Readers of Education Next may have heard the distressing news coming out of higher education about the fates of foreign language and literature departments.

At SUNY-Albany, for instance, in response to a huge budget shortfall, President George Philip announced in an email sent out to the university in late September, “As a first step in this more difficult phase of reallocation planning, I have issued a directive today to suspend all new admissions to five program areas – Classics, French, Italian, Russian, and Theatre.”

A few days later, the Chronicle of Higher Education reported that LSU planned to lay off 14 foreign language instructors (that is, non-tenured teachers) at the end of Fall semester.   It’s another case of cutting costs in a difficult budget year.  Furthermore, LSU has decided to end its German and Latin majors.

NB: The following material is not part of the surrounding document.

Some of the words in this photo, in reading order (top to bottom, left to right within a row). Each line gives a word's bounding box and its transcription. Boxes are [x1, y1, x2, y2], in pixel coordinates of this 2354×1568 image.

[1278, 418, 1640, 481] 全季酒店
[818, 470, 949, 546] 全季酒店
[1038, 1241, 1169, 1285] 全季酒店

And a few days ago, the University of Minnesota released a committee report on cuts and downsizing for the College of Liberal Arts.  The report doesn’t specify in much detail precisely what will happen to foreign language departments, but one paragraph is ominous:

The only major areas of funding left to consider are graduate teaching assistants and professional teaching staff; together these make up about $34 million in FY2011. Professional (P/A) teaching staff instruct roughly 1,000 courses each year in CLA at an average cost of a bit under $8,000 per course. These dedicated professionals teach in many departments, but they are concentrated in freshman writing, foreign languages, journalism, communication, and the fine arts. Willy Sutton said that he robbed banks because, ‘That’s where the money is.’ If CLA is forced to take another large cut, much of it will be coming from these two categories, because that’s where the money is.”

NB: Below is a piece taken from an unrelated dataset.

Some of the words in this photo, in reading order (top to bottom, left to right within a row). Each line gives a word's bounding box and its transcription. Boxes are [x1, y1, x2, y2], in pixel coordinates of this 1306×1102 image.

Finally, I’ve heard from people working in foreign languages at the Modern Language Association that anecdotal evidence of cuts continues to trickle in.  Full professors retire and are replaced by adjuncts.  Graduate student lines are reduced.  Administrators are planning to consolidate departments into super-departments.  And so on.

This is why the news this week from College Board is heartening.  Two years ago, the College Board stated that it would end AP Italian Language and Culture, claiming that it needed “external funders” to come forward if the program would survive.  The program did end, but on Nov 10 the College board announced that it would bring the AP Italian test back, with the next administration to take place in May 2012.

This is a crucial development for higher education.  Foreign language programs make for an easy target to cost-cutters for one reason: low undergraduate enrollments.  At SUNY-Albany, the president noted, the five programs being cut claimed only 300 majors in all.  Without undergraduate demand, administrators can’t keep those programs off the block.  The prestige that comes with having full-scale foreign language departments simply doesn’t off-set the cost of running them.  If you have six tenured professors in a department making $75,000 a year, but only 15 majors in that department, it looks like a boutique offering, and colleges just can’t afford it.

To boost enrollments, you need a pipeline, including appealing freshman courses and, precisely, an AP program that draws teenagers in before they even arrive in college.  People major in foreign languages usually because they had a great experience in a foreign language class before age 20.  Italian professors all across the country should salute the College Board and the advocates who pressed for reviving the course, including Dr. Margaret Cuomo, the Italian Language Foundation, and the Italian Government.